A hundred years before Spaniards arrived in the Philippines, the settlement which eventually became Tagbilaran was already involved in trading with China and Malays. Tagbilaran Strait was the location of the precolonial polity of Bo-ol. This early settlement had contact with the Spaniards in 1565, when the Spanish conquistador Miguel López de Legazpi and the native chieftain Datu Sikatuna pledged peace and cooperation through the famous blood compact.

San José de Tagbilaran was established as a town on 9 February 1742, by General Francisco Antonio Calderón de la Barca, Military Governor of the Visayas Islands, who separated it from the town of Baclayon. The town was dedicated to St. Joseph the Worker.

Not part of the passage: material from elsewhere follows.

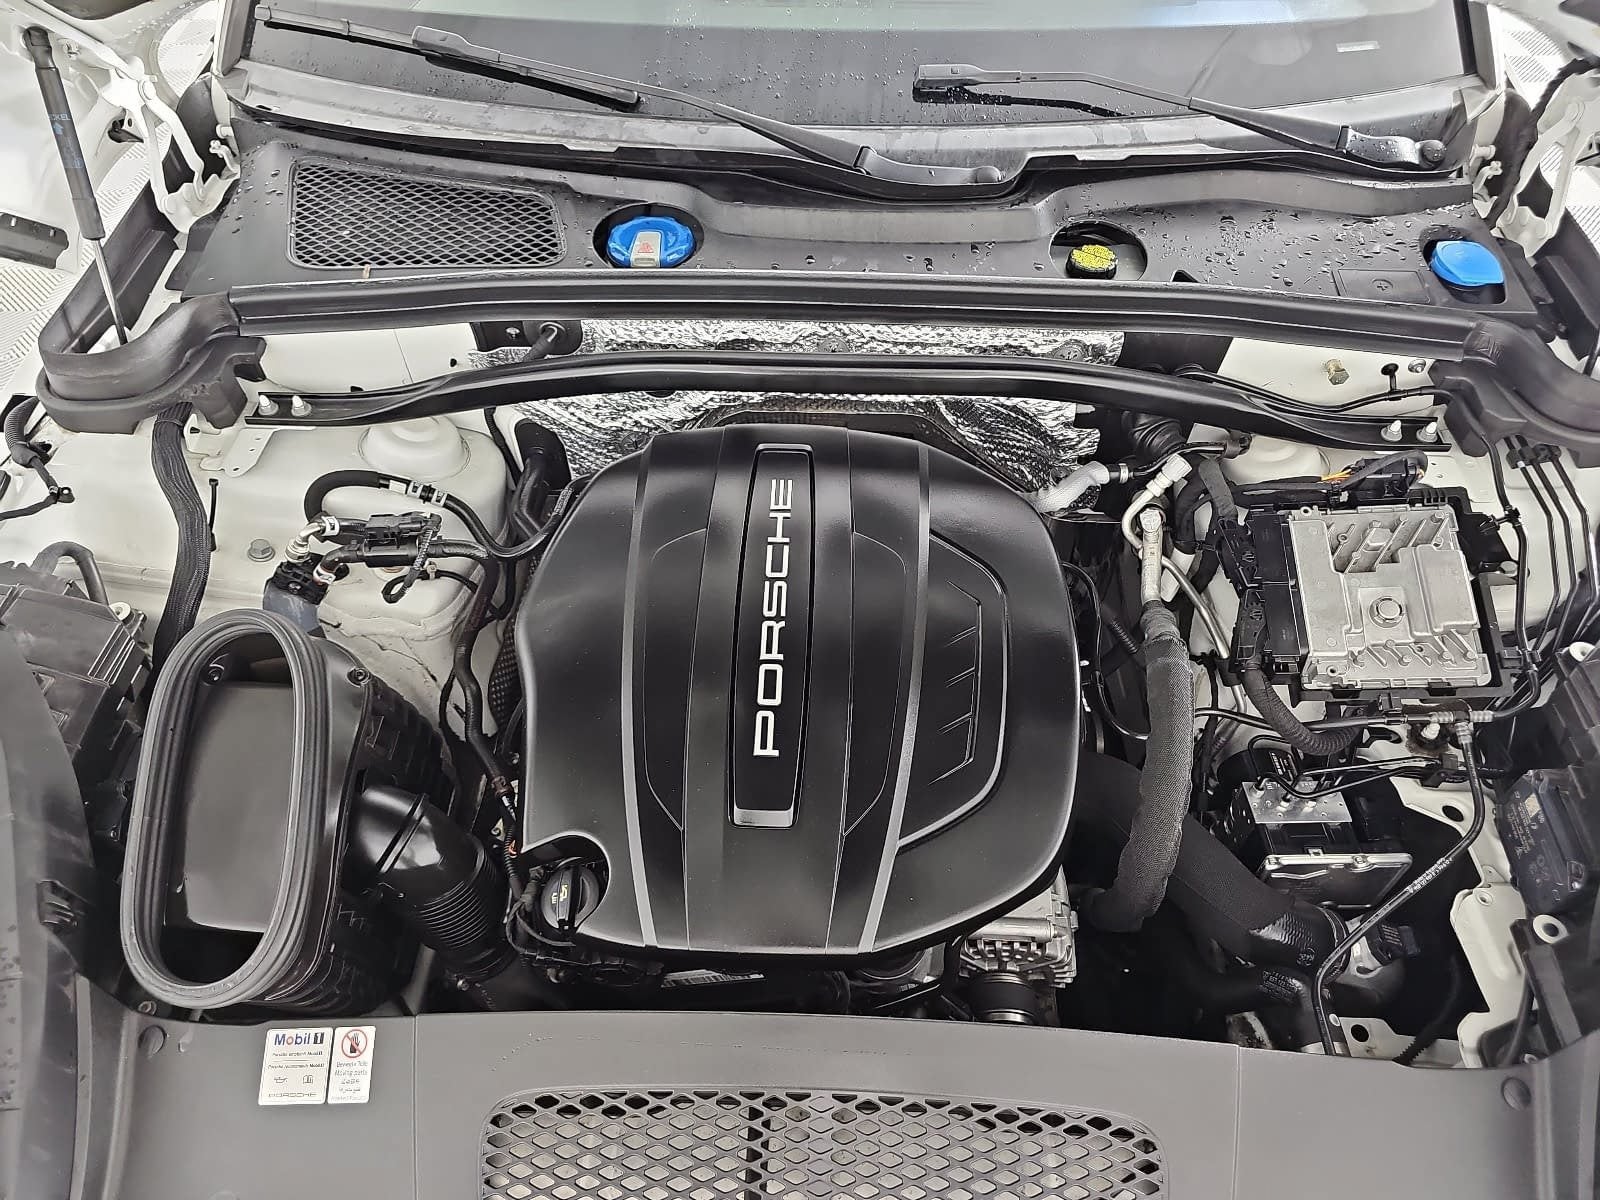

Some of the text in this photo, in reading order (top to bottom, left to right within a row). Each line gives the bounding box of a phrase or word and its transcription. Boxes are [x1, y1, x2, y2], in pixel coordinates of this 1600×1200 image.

[752, 478, 793, 757] PORSCHE
[274, 1032, 325, 1046] Mobil 1
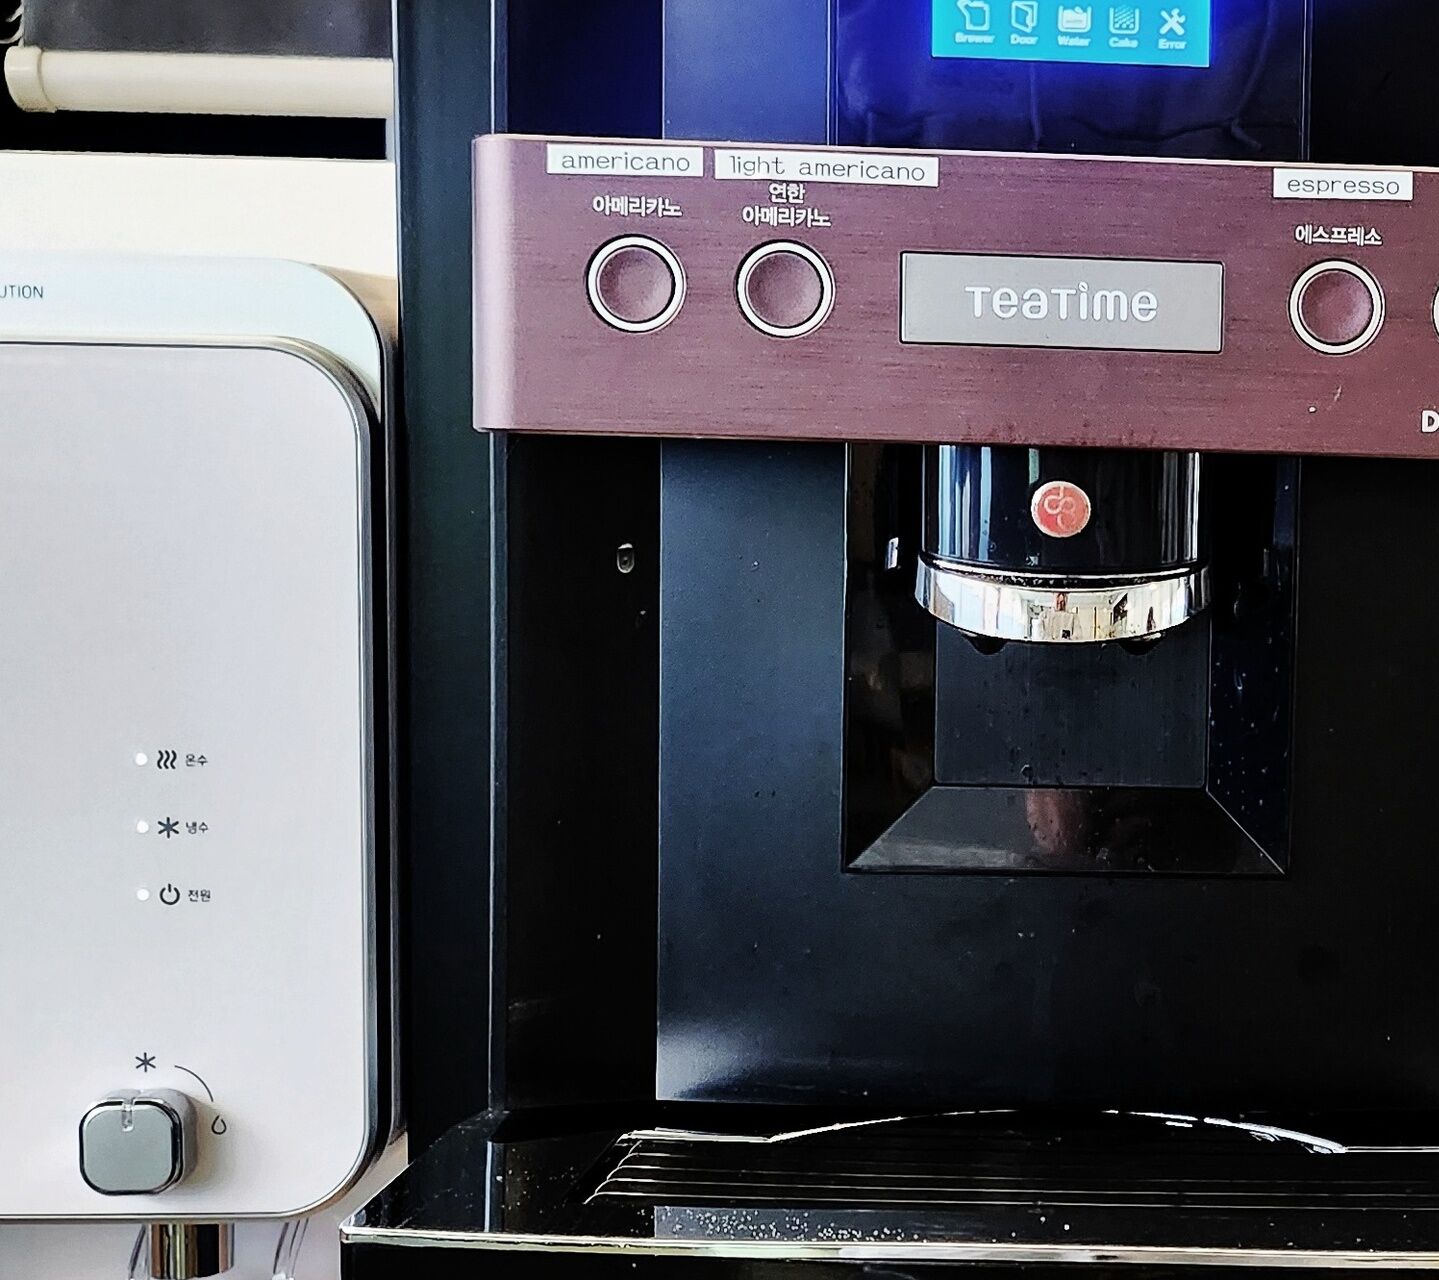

Since then it was part of the province of Bohol until it became a chartered city on 18 July 1966, by virtue of Republic Act No. 4660.

The 1818 census showed that Dauis-Tagbilaran had 2,055 native families and 9 Spanish-Filipino families.

On June 19, 1854, the Captain of Engineers Guillermo Kirkpatrick arrived in Bohol after being appointed as its first politico-military governor of Bohol. Queen Isabela II, through a royal decree on March 3, 1854, granted him the authority to establish his capital in the town of Tagbilaran and formally took command.

The city was occupied by the United States during the Philippine–American War and by Imperial Japan during World War II.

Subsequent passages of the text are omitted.